In case of out of memory issues, seperate the BLIP export & the OpenSeg export.

## Train

To train Open3DSG on ScanNet you can use:

```bash
python open3dsg/scripts/run.py --epochs 100 --batch_size 4 --gpus 4 --workers 8 --use_rgb --dataset scannet --clip_model OpenSeg --blip --load_features [path to precomputed 2D features]
```

Change hyperparameters according to you hardware availability. In [run.py](open3dsg/scripts/run.py) you can find more model and data hyperparameters.
Use ```--mixed_precision``` to optimize GPU memory during training.

## Test

To evaluate a trained model on the 3RSCAN dataset with ground-truth labels, use the following command:

```bash
python open3dsg/script/run.py --test --dataset 3rscan --checkpoint [path to checkpoint] --n_beams 5 --weight_2d 0.5 --clip_model OpenSeg --node_model ViT-L/14@336px --blip
```

We use the ```CLIP ViT-L/14@336px``` to query object classes from the node embedding. Use ```--n_beams``` to adjust the beam search for the LLM relationship output and ```--weight_2d``` to adjust the 2D-3D features fusion.

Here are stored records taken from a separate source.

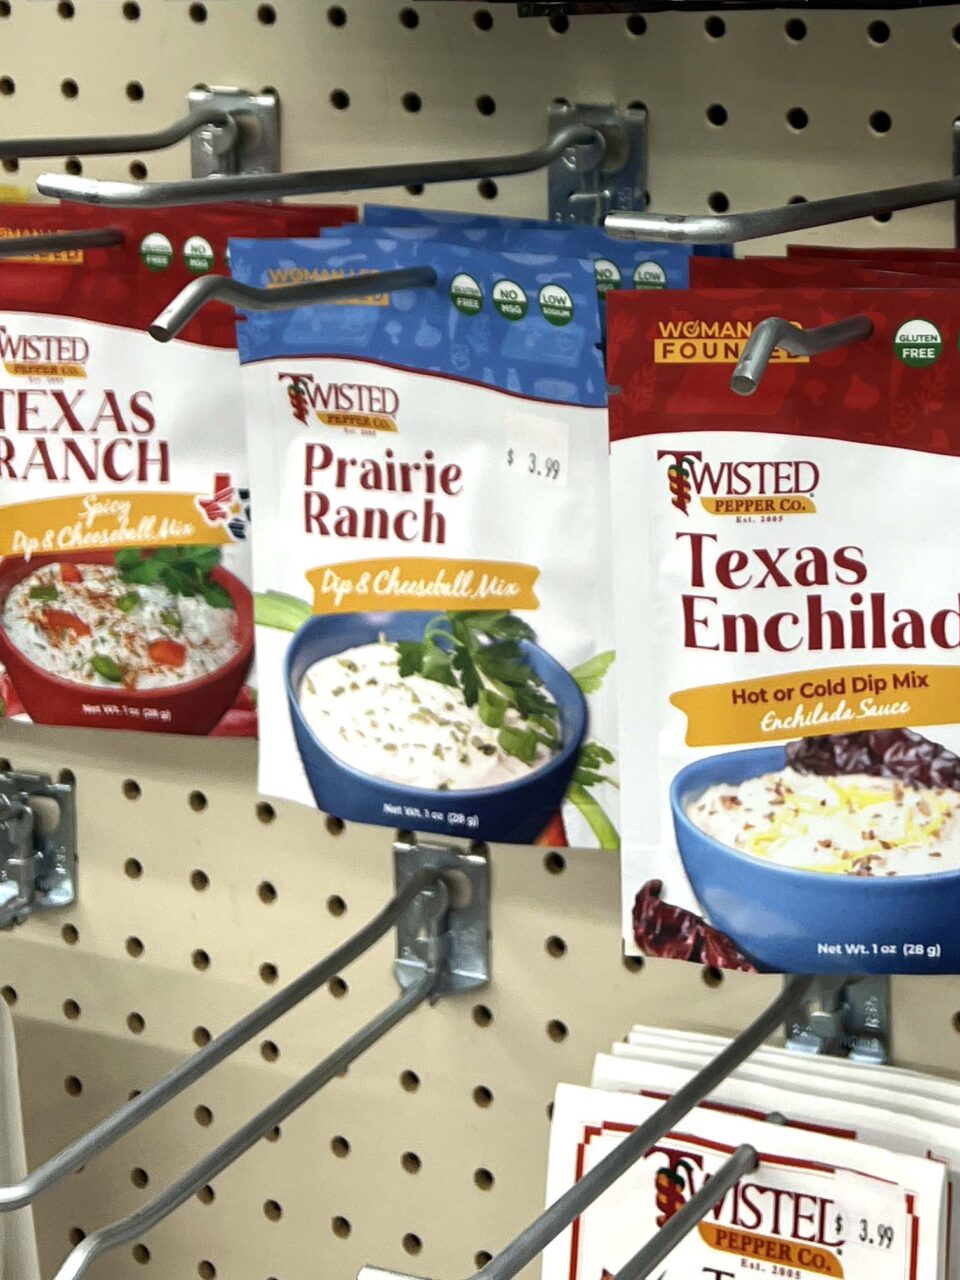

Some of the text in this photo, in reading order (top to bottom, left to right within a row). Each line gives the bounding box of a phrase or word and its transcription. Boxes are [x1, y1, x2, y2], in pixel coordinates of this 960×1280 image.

[500, 289, 517, 300] NO
[543, 295, 567, 305] LOW
[658, 320, 751, 338] WOMAN
[899, 334, 937, 342] GLUTEN
[902, 348, 935, 358] FREE
[278, 372, 399, 428] TWISTED
[305, 442, 464, 496] Prairie
[507, 448, 561, 481] $ 3.99
[657, 450, 820, 517] TWISTED
[304, 491, 446, 544] Ranch
[715, 500, 775, 512] PEPPER
[675, 531, 868, 590] Texas
[731, 671, 929, 705] Hot or Cold Dip Mix
[759, 697, 910, 734] Enchilada Sauce
[817, 943, 841, 954] Net
[845, 943, 870, 954] Wt.
[880, 945, 896, 954] oz
[903, 943, 924, 957] (28
[927, 943, 941, 957] g)
[715, 1229, 793, 1263] PEPPER
[835, 1214, 894, 1249] $ 3.99
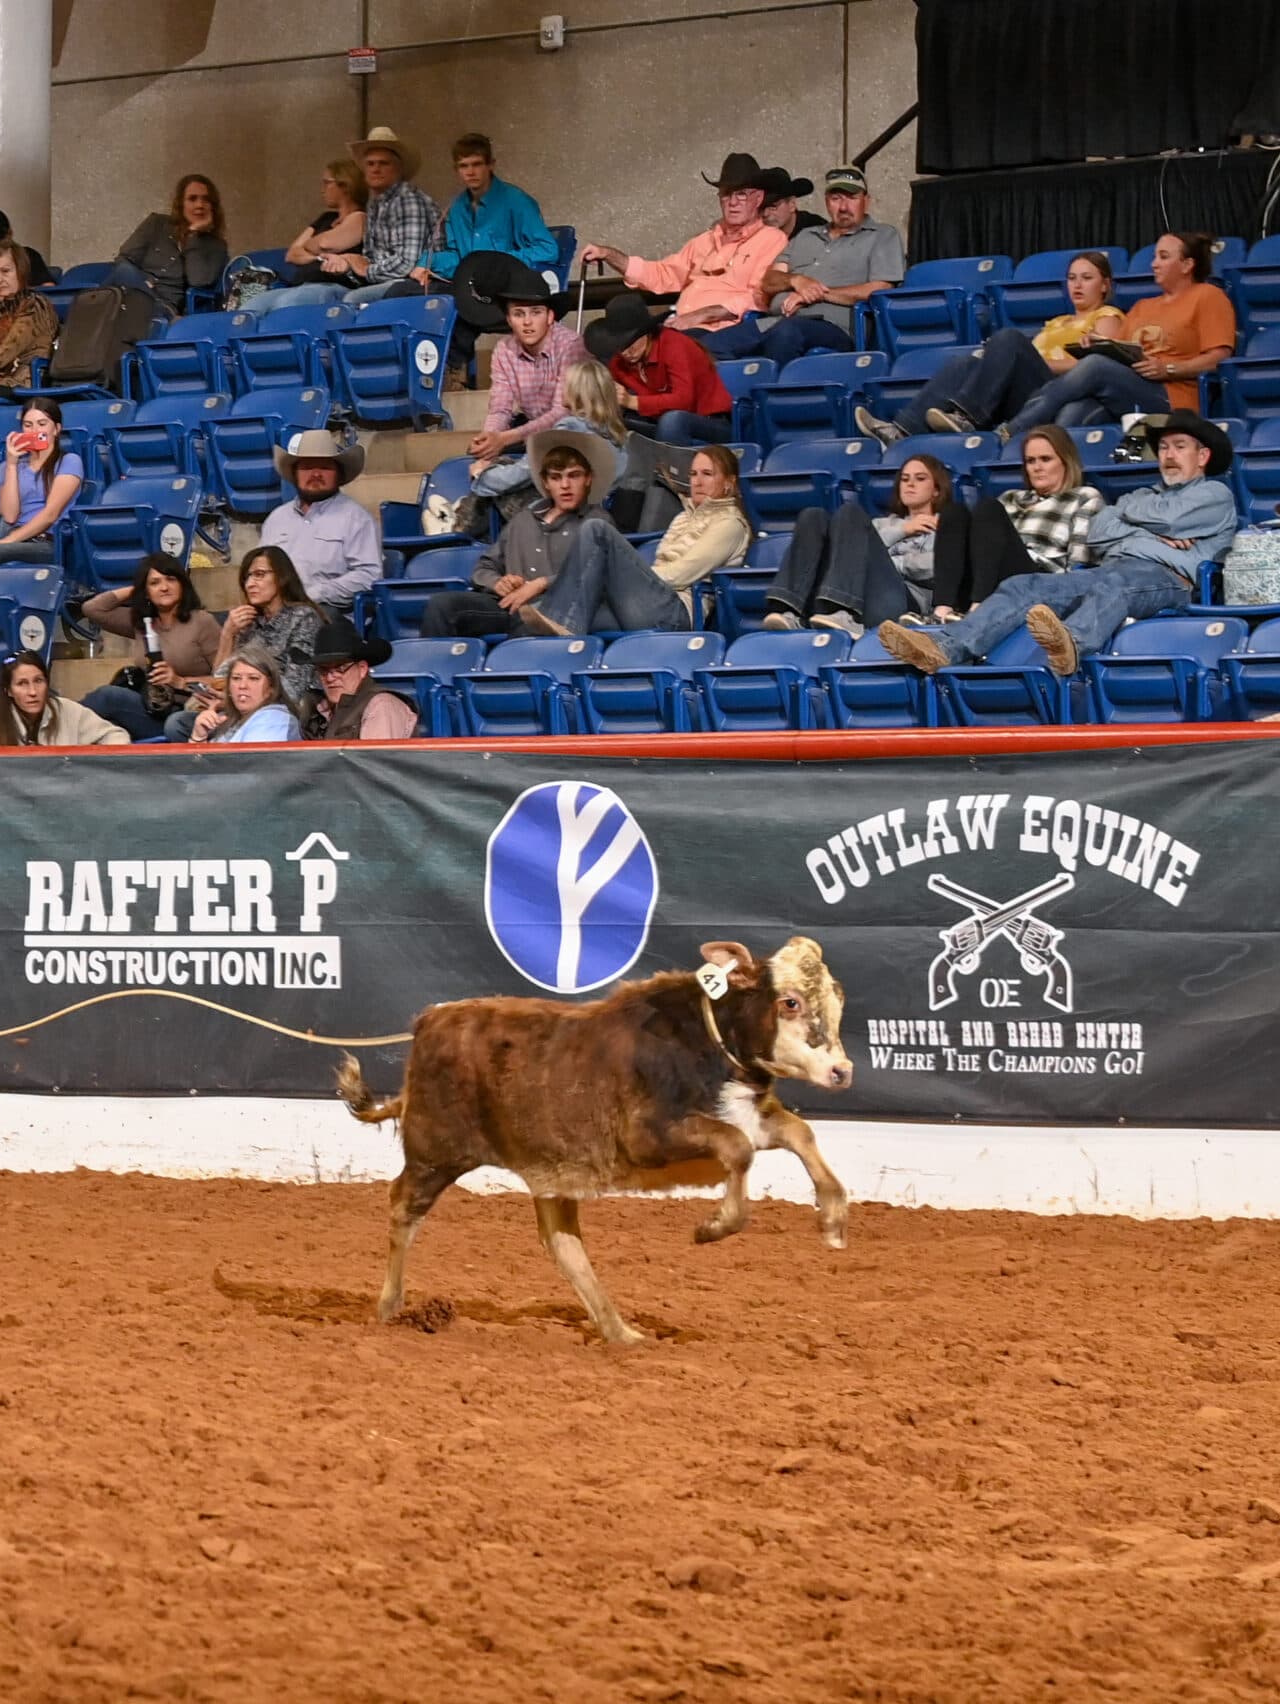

A value of 0.0 indicates a prediction from 3D features only

## Citation

If you find our code or paper useful, please cite

```bibtex
@inproceedings{koch2024open3dsg,
title={Open3DSG: Open-Vocabulary 3D Scene Graphs from Point Clouds with Queryable Objects and Open-Set Relationships},
author={Koch, Sebastian and Vaskevicius, Narunas and Colosi, Mirco and Hermosilla, Pedro and Ropinski, Timo},
booktitle = {Proceedings of the IEEE/CVF Conference on Computer Vision and Pattern Recognition (CVPR)},
month={June},
year={2024},
}
```

## License

Open3DSG is open-sourced under the AGPL-3.0 license. See the LICENSE file for details.

For a list of other open source components included in Open3DSG, see the file 3rd-party-licenses.txt.